When I hauled a frozen sharp-tailed grouse out of my freezer, it all came rushing back: The endless plains, grassy hills, a chill in the air. Rose hips clinging to tucked-away places. Hawthorne trees grown slanted from the constant winds roaring down from Canada. North Dakota. Sharpie country.
Each of North America’s main environments has its own grouse: Ruffed in deciduous forests, blue and spruce in pine forests, ptarmigan in the tundra, sage in high desert, prairie chicken in short-grass prairie, sharpies in long-grass prairie. Unlike most of its cousins, the sharpie has dark meat throughout. Plucked, it looks a lot like a giant dove or squab.
That dark meat is full of flavor and can hold up to all sorts of other strong tastes. Ruffed grouse can, too, but I often find that what makes chicken or quail special gets lost in bold dishes. Now I normally think of roasts and slow-simmered braises when I think about sharp-tailed grouse, but it’s summertime, and I eat a lot of main-course salads when it’s this hot.
This salad is definitely a meal in a bowl. Barley provides the bulk — I chose barley because it’s one of the main crops of North Dakota — lots of poached grouse meat make it interesting, and pretty little Sungold tomatoes add a brightness that makes this dish.
Feel free to play with this recipe: Use chicken thighs, or pheasant, or turkey. Skip the quail for this one, though; it’s too delicate. Cherry tomatoes look nice, but you can chop up normal tomatoes, too. No barley? Use long-grain rice, or rye or wheat berries. Enjoy!
Grouse Salad with Barley and Tomatoes
- 2 grouse, 2 pheasants or 2 pounds chicken thighs
- 2 carrots, peeled and chopped
- 1 large onion, chopped, about 2 cups
- 2 celery stalks, chopped
- 1 tablespoon dried thyme
- 1 tablespoon crushed juniper (optional)
- 2 bay leaves
- 2 teaspoons dried marjoram or oregano
- 2 cups barley
- 1 tablespoon minced fresh sage
- 1 teaspoon minced fresh rosemary
- 2 tablespoons malt or cider vinegar
- 1/4 cup sunflower or squash seed oil
- 1 pound cherry tomatoes, sliced in half
- In a large pot, cover the grouse with 2 quarts cool water. Cover the pot and bring it to a simmer over medium-high heat. Skim any scum that floats to the surface. Add the the carrot, onion, celery, thyme, juniper, bay leaves and marjoram and salt to taste. Simmer gently -- do not boil -- for 20 minutes.
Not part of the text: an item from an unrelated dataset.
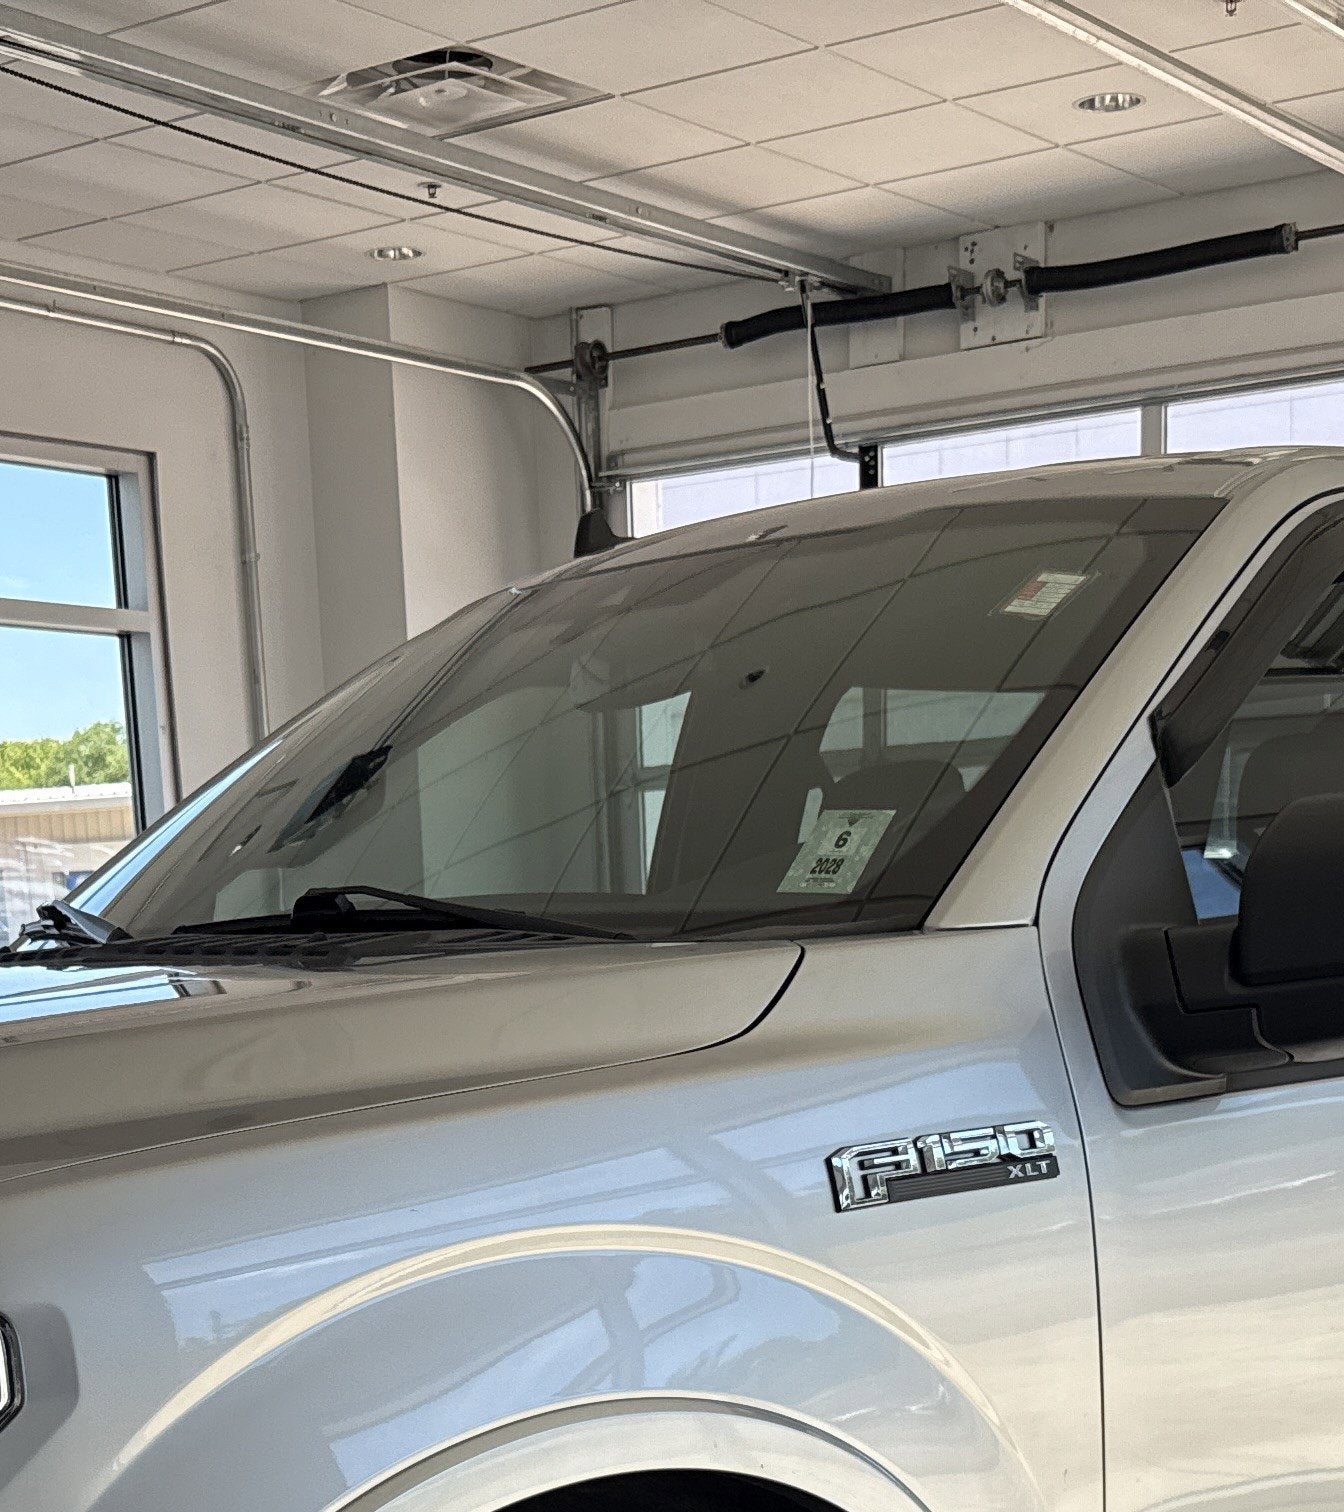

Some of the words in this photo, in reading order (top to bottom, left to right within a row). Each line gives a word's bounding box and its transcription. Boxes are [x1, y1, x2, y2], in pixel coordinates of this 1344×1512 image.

[834, 830, 852, 849] 6
[809, 857, 845, 875] 2028
[1007, 1160, 1051, 1179] XLT
- Remove the grouse and cut the breast meat off them. Return the rest of the grouse to the pot and simmer another hour. While the grouse stock is simmering, shred the grouse breast meat, moisten it with a little sunflower oil and set aside.
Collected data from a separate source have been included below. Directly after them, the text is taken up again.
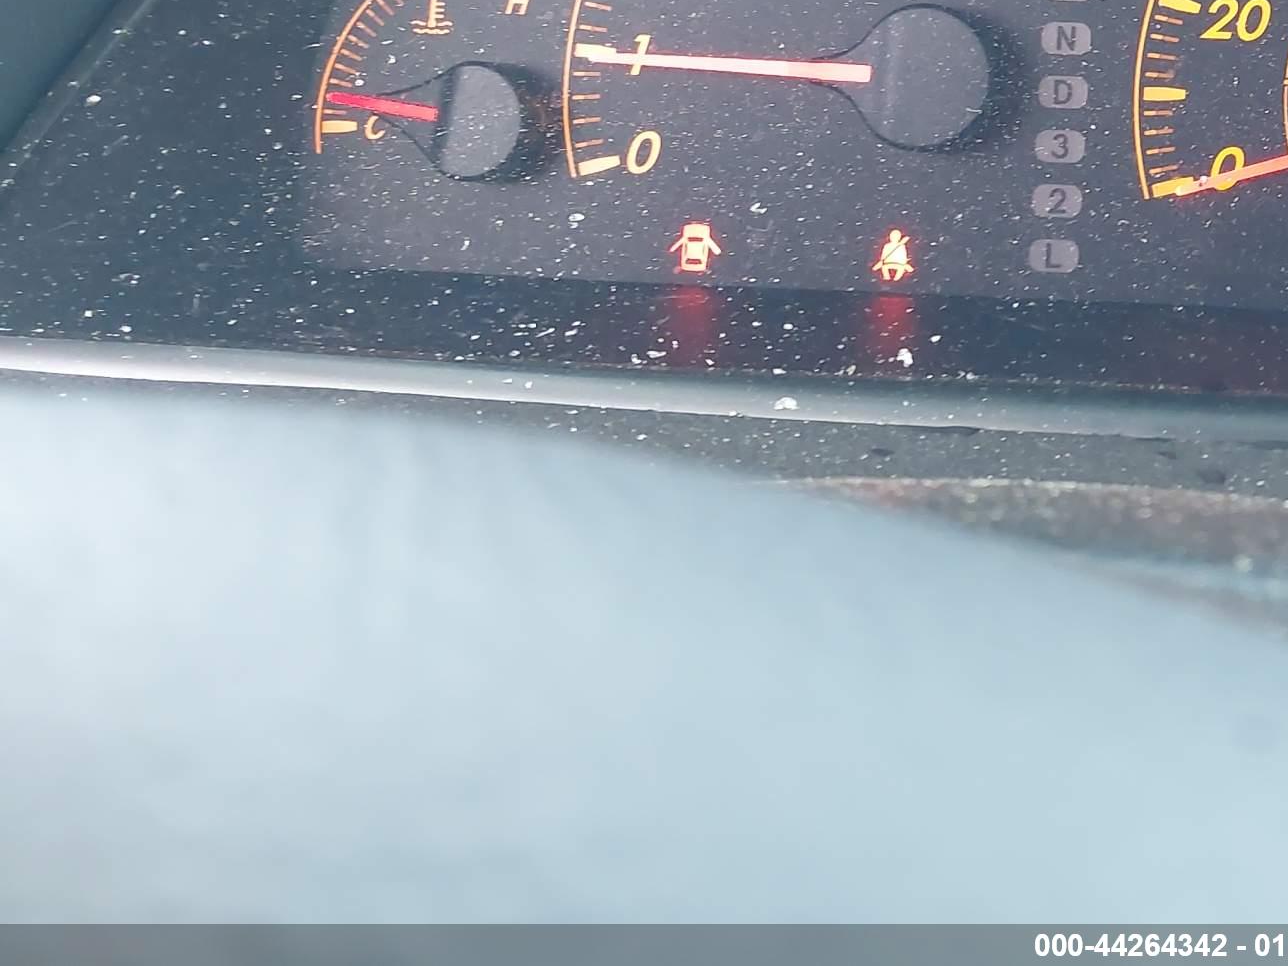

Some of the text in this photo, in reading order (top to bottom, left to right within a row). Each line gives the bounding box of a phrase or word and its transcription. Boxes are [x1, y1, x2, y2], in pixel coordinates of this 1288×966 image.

[1056, 25, 1077, 51] N
[629, 33, 652, 76] 1
[1053, 79, 1073, 105] D
[627, 130, 663, 175] 0
[1050, 133, 1070, 160] 3
[1210, 146, 1245, 191] 0
[1049, 188, 1067, 215] 2
[1045, 242, 1061, 269] L
- Turn off the heat and remove the grouse. Pick the meat off the legs and any remaining meat from the carcass and set in the bowl with the breast meat. Strain the stock through a fine-mesh strainer into another pot.
- Bring the pot of strained grouse stock to a boil and add the barley, along with a pinch of salt. Turn the heat down to a simmer and cook until the barley is tender, about 30 minutes. Drain the barley and put it into a large bowl.
- Add the grouse meat to the bowl with the barley, along with the fresh sage and rosemary. Mix in the tomatoes, sunflower oil and the malt vinegar and add salt and black pepper to taste. Serve with a light red wine, a dry rose or a malty beer.